* [REQUIREMENT]
Your answer must be every record below, written out exactly as it appears.

------ RECORDS FOR THE EXERCISE

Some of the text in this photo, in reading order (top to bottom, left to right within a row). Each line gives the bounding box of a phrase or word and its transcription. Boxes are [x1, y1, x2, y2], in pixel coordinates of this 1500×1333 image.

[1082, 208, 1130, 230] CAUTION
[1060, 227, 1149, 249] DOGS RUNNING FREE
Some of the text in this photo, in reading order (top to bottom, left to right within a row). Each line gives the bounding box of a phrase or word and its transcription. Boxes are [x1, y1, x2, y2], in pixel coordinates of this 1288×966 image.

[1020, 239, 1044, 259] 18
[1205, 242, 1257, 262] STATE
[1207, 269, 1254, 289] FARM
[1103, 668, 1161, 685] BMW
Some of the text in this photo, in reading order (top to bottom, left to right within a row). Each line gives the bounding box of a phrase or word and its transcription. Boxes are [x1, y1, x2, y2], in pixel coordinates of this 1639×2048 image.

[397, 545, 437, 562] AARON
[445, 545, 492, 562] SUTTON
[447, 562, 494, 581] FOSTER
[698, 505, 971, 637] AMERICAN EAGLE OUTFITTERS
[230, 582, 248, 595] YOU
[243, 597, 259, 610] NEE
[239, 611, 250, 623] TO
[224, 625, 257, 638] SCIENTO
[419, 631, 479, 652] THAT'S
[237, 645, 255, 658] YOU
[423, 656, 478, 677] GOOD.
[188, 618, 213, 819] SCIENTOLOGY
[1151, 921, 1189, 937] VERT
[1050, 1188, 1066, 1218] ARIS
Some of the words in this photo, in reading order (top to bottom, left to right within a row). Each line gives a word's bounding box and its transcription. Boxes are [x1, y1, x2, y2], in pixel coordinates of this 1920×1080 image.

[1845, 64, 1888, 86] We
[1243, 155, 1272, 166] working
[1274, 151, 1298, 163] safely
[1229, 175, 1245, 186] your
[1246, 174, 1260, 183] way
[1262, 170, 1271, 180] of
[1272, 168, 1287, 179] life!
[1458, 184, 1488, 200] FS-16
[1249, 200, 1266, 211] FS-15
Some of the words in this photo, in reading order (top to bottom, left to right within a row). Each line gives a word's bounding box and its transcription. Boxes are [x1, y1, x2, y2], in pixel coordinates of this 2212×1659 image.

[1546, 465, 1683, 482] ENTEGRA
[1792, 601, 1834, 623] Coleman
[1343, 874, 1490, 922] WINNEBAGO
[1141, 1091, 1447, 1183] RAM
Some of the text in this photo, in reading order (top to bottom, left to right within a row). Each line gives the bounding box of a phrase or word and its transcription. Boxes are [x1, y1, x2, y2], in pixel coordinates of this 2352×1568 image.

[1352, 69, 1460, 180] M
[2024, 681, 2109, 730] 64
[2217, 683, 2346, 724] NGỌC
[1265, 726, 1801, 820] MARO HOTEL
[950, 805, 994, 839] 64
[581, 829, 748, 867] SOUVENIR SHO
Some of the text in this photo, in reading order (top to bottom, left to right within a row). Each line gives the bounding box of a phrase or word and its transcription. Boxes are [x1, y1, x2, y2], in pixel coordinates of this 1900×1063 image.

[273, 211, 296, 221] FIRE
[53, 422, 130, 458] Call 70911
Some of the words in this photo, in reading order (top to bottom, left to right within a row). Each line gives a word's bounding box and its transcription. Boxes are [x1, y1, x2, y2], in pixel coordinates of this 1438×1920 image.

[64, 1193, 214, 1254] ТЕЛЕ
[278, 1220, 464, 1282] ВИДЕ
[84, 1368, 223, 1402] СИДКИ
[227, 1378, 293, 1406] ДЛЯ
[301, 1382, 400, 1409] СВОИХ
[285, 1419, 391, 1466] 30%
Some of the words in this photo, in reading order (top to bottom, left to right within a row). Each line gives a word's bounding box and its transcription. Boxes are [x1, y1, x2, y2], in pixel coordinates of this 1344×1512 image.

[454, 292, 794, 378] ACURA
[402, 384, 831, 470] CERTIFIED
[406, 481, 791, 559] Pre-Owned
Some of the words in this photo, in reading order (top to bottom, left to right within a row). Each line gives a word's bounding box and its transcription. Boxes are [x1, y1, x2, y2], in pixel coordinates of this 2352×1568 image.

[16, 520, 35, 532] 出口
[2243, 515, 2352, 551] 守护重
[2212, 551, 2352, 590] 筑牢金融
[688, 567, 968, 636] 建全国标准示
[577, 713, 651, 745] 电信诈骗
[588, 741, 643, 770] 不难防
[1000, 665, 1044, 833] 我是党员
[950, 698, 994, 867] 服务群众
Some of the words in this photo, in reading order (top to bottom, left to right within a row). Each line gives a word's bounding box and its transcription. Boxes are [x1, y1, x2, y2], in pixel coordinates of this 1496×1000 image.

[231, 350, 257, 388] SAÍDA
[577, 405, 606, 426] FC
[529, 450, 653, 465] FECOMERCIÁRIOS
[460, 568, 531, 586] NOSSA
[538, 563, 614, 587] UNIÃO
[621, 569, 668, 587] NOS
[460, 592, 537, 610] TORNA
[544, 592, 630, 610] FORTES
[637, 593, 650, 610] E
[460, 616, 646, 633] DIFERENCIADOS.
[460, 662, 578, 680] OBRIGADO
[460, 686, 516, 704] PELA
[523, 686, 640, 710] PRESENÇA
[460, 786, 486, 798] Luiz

------------

* [ANSWER]
Some of the text in this photo, in reading order (top to bottom, left to right within a row). Each line gives the bounding box of a phrase or word and its transcription. Boxes are [x1, y1, x2, y2], in pixel coordinates of this 1500×1333 image.

[1082, 208, 1130, 230] CAUTION
[1060, 227, 1149, 249] DOGS RUNNING FREE
Some of the text in this photo, in reading order (top to bottom, left to right within a row). Each line gives the bounding box of a phrase or word and its transcription. Boxes are [x1, y1, x2, y2], in pixel coordinates of this 1288×966 image.

[1020, 239, 1044, 259] 18
[1205, 242, 1257, 262] STATE
[1207, 269, 1254, 289] FARM
[1103, 668, 1161, 685] BMW
Some of the text in this photo, in reading order (top to bottom, left to right within a row). Each line gives the bounding box of a phrase or word and its transcription. Boxes are [x1, y1, x2, y2], in pixel coordinates of this 1639×2048 image.

[397, 545, 437, 562] AARON
[445, 545, 492, 562] SUTTON
[447, 562, 494, 581] FOSTER
[698, 505, 971, 637] AMERICAN EAGLE OUTFITTERS
[230, 582, 248, 595] YOU
[243, 597, 259, 610] NEE
[239, 611, 250, 623] TO
[224, 625, 257, 638] SCIENTO
[419, 631, 479, 652] THAT'S
[237, 645, 255, 658] YOU
[423, 656, 478, 677] GOOD.
[188, 618, 213, 819] SCIENTOLOGY
[1151, 921, 1189, 937] VERT
[1050, 1188, 1066, 1218] ARIS
Some of the words in this photo, in reading order (top to bottom, left to right within a row). Each line gives a word's bounding box and its transcription. Boxes are [x1, y1, x2, y2], in pixel coordinates of this 1920×1080 image.

[1845, 64, 1888, 86] We
[1243, 155, 1272, 166] working
[1274, 151, 1298, 163] safely
[1229, 175, 1245, 186] your
[1246, 174, 1260, 183] way
[1262, 170, 1271, 180] of
[1272, 168, 1287, 179] life!
[1458, 184, 1488, 200] FS-16
[1249, 200, 1266, 211] FS-15
Some of the words in this photo, in reading order (top to bottom, left to right within a row). Each line gives a word's bounding box and its transcription. Boxes are [x1, y1, x2, y2], in pixel coordinates of this 2212×1659 image.

[1546, 465, 1683, 482] ENTEGRA
[1792, 601, 1834, 623] Coleman
[1343, 874, 1490, 922] WINNEBAGO
[1141, 1091, 1447, 1183] RAM
Some of the text in this photo, in reading order (top to bottom, left to right within a row). Each line gives the bounding box of a phrase or word and its transcription. Boxes are [x1, y1, x2, y2], in pixel coordinates of this 2352×1568 image.

[1352, 69, 1460, 180] M
[2024, 681, 2109, 730] 64
[2217, 683, 2346, 724] NGỌC
[1265, 726, 1801, 820] MARO HOTEL
[950, 805, 994, 839] 64
[581, 829, 748, 867] SOUVENIR SHO
Some of the text in this photo, in reading order (top to bottom, left to right within a row). Each line gives the bounding box of a phrase or word and its transcription. Boxes are [x1, y1, x2, y2], in pixel coordinates of this 1900×1063 image.

[273, 211, 296, 221] FIRE
[53, 422, 130, 458] Call 70911
Some of the words in this photo, in reading order (top to bottom, left to right within a row). Each line gives a word's bounding box and its transcription. Boxes are [x1, y1, x2, y2], in pixel coordinates of this 1438×1920 image.

[64, 1193, 214, 1254] ТЕЛЕ
[278, 1220, 464, 1282] ВИДЕ
[84, 1368, 223, 1402] СИДКИ
[227, 1378, 293, 1406] ДЛЯ
[301, 1382, 400, 1409] СВОИХ
[285, 1419, 391, 1466] 30%
Some of the words in this photo, in reading order (top to bottom, left to right within a row). Each line gives a word's bounding box and its transcription. Boxes are [x1, y1, x2, y2], in pixel coordinates of this 1344×1512 image.

[454, 292, 794, 378] ACURA
[402, 384, 831, 470] CERTIFIED
[406, 481, 791, 559] Pre-Owned
Some of the words in this photo, in reading order (top to bottom, left to right within a row). Each line gives a word's bounding box and its transcription. Boxes are [x1, y1, x2, y2], in pixel coordinates of this 2352×1568 image.

[16, 520, 35, 532] 出口
[2243, 515, 2352, 551] 守护重
[2212, 551, 2352, 590] 筑牢金融
[688, 567, 968, 636] 建全国标准示
[577, 713, 651, 745] 电信诈骗
[588, 741, 643, 770] 不难防
[1000, 665, 1044, 833] 我是党员
[950, 698, 994, 867] 服务群众
Some of the words in this photo, in reading order (top to bottom, left to right within a row). Each line gives a word's bounding box and its transcription. Boxes are [x1, y1, x2, y2], in pixel coordinates of this 1496×1000 image.

[231, 350, 257, 388] SAÍDA
[577, 405, 606, 426] FC
[529, 450, 653, 465] FECOMERCIÁRIOS
[460, 568, 531, 586] NOSSA
[538, 563, 614, 587] UNIÃO
[621, 569, 668, 587] NOS
[460, 592, 537, 610] TORNA
[544, 592, 630, 610] FORTES
[637, 593, 650, 610] E
[460, 616, 646, 633] DIFERENCIADOS.
[460, 662, 578, 680] OBRIGADO
[460, 686, 516, 704] PELA
[523, 686, 640, 710] PRESENÇA
[460, 786, 486, 798] Luiz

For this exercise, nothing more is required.